§ Exercise:
Every entry must be given again exactly. Include no pictures.

§ Provided records:
----------

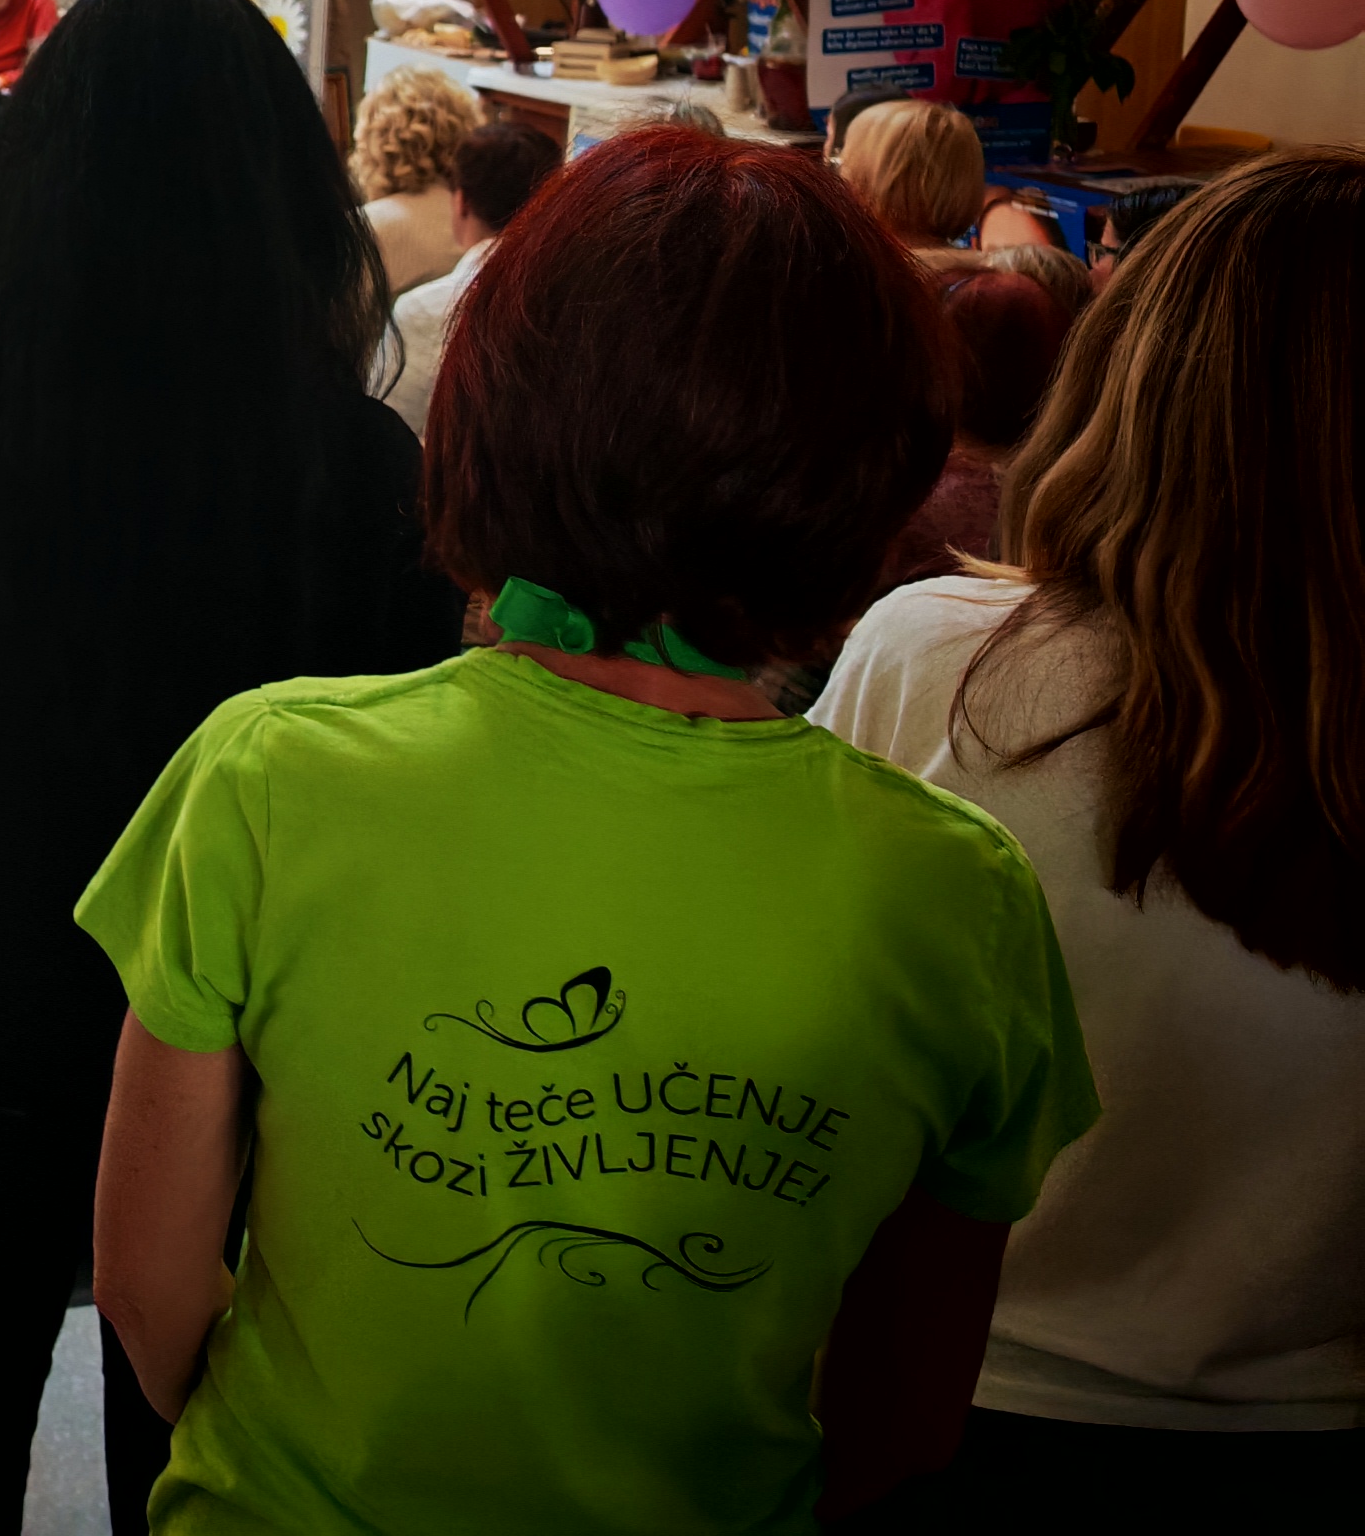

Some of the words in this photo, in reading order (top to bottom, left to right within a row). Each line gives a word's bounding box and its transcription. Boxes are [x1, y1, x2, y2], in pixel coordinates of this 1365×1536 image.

[387, 1052, 470, 1132] Naj
[487, 1084, 595, 1133] teče
[613, 1062, 851, 1152] UČENJE
[360, 1112, 488, 1196] skozi
[505, 1131, 830, 1206] ŽIVLJENJE!

----------

§ Task output:
Some of the words in this photo, in reading order (top to bottom, left to right within a row). Each line gives a word's bounding box and its transcription. Boxes are [x1, y1, x2, y2], in pixel coordinates of this 1365×1536 image.

[387, 1052, 470, 1132] Naj
[487, 1084, 595, 1133] teče
[613, 1062, 851, 1152] UČENJE
[360, 1112, 488, 1196] skozi
[505, 1131, 830, 1206] ŽIVLJENJE!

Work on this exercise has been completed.